What the task asks. Pictures stay out of your copy, but everything else in the records below must be repeated exactly.

====

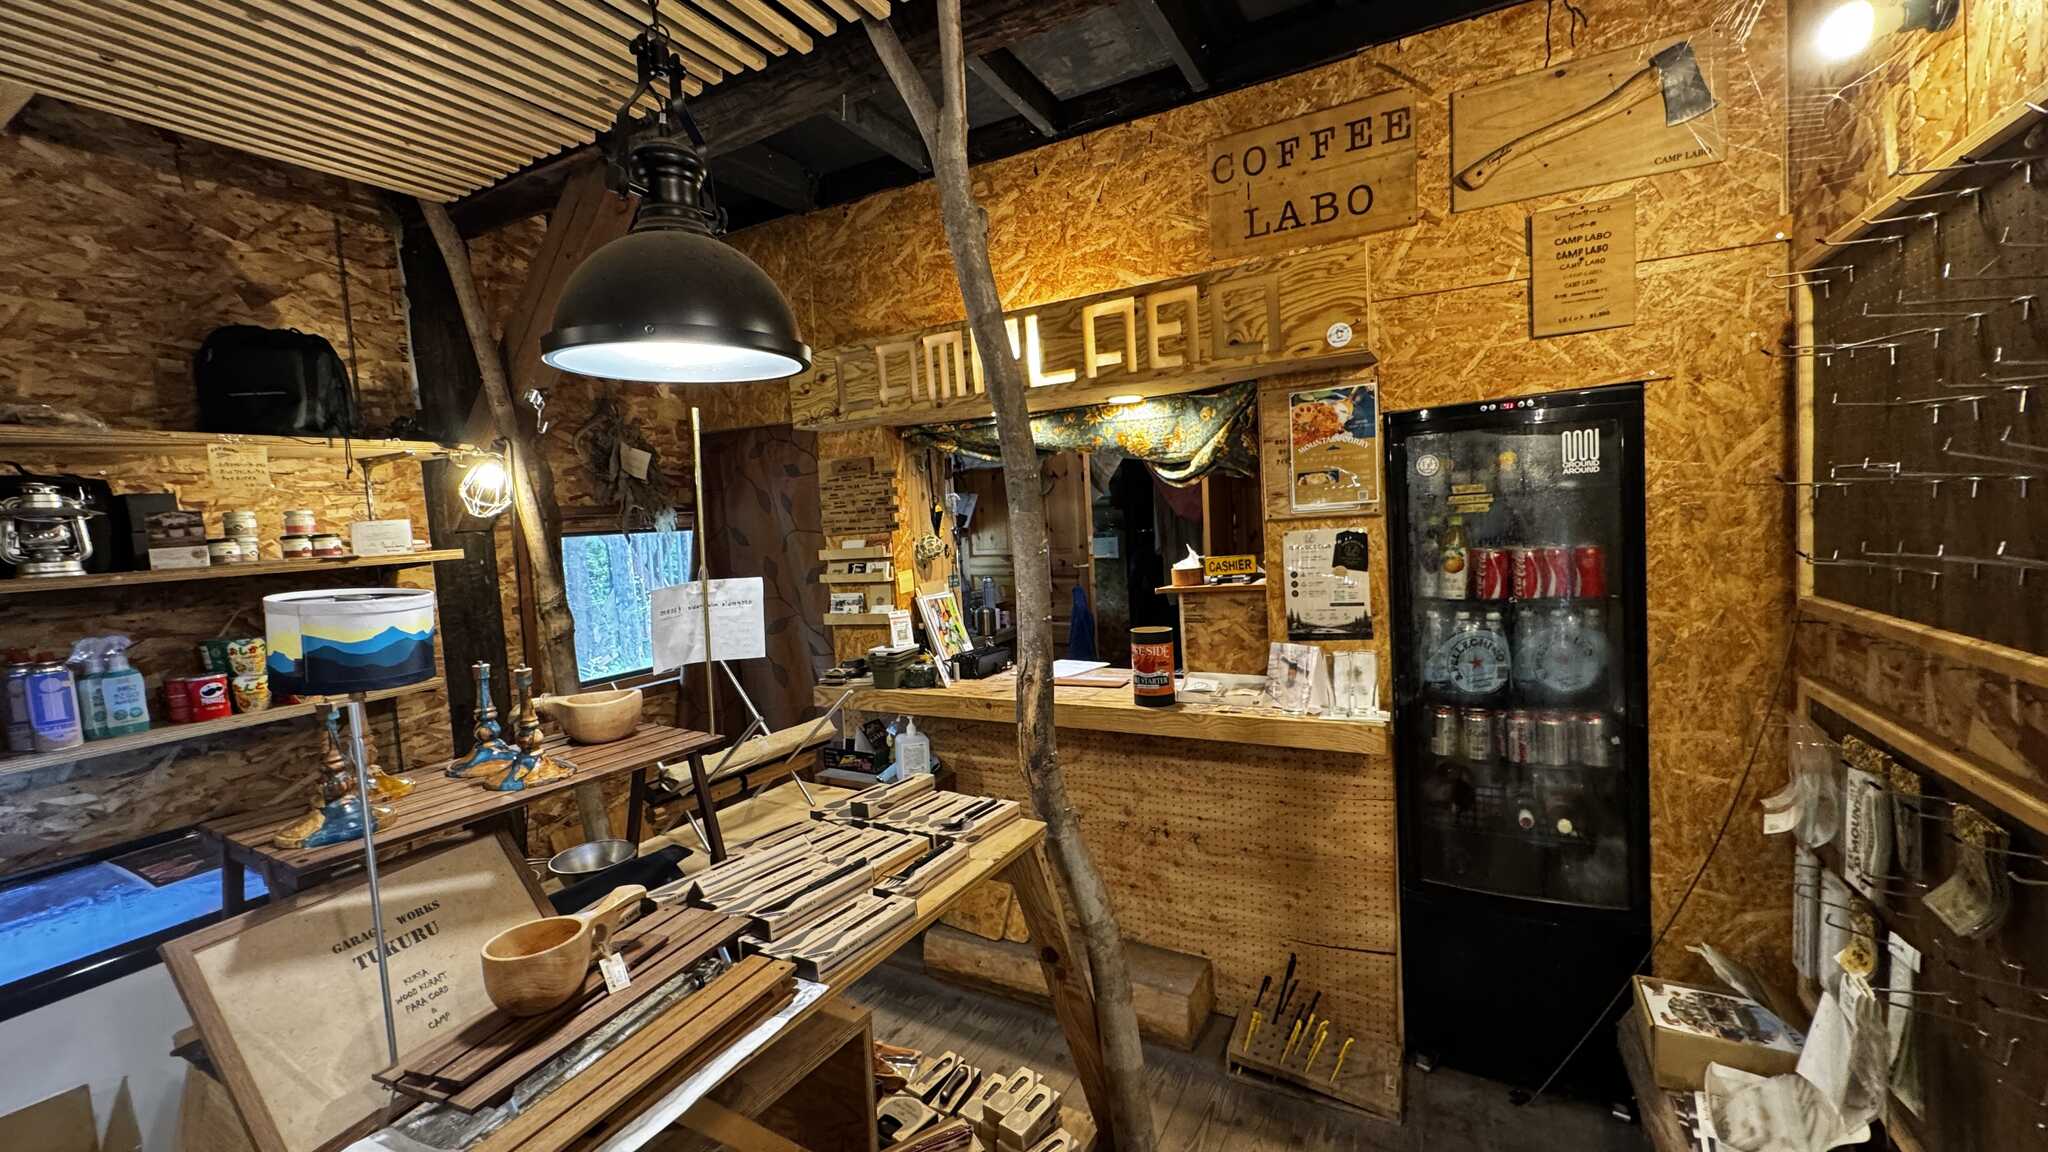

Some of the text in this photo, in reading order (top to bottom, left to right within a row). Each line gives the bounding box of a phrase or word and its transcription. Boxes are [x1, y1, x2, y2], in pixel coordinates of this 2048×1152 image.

[1211, 106, 1411, 184] COFFEE
[1654, 146, 1712, 165] CAMP LABO
[1244, 184, 1374, 239] LABO
[1554, 231, 1612, 246] CAMP LABO
[1556, 244, 1609, 260] CAMP LABO
[1562, 460, 1600, 468] GROUND
[1562, 466, 1600, 475] AROUND
[1208, 559, 1252, 572] CASHIER
[332, 900, 440, 954] GARAG WORKS
[352, 920, 440, 970] TUKURU
[395, 988, 418, 1004] WOOD
[405, 985, 449, 1013] PARA CORD
[428, 1011, 450, 1029] CAMP

====

Solution to the exercise.
Some of the text in this photo, in reading order (top to bottom, left to right within a row). Each line gives the bounding box of a phrase or word and its transcription. Boxes are [x1, y1, x2, y2], in pixel coordinates of this 2048×1152 image.

[1211, 106, 1411, 184] COFFEE
[1654, 146, 1712, 165] CAMP LABO
[1244, 184, 1374, 239] LABO
[1554, 231, 1612, 246] CAMP LABO
[1556, 244, 1609, 260] CAMP LABO
[1562, 460, 1600, 468] GROUND
[1562, 466, 1600, 475] AROUND
[1208, 559, 1252, 572] CASHIER
[332, 900, 440, 954] GARAG WORKS
[352, 920, 440, 970] TUKURU
[395, 988, 418, 1004] WOOD
[405, 985, 449, 1013] PARA CORD
[428, 1011, 450, 1029] CAMP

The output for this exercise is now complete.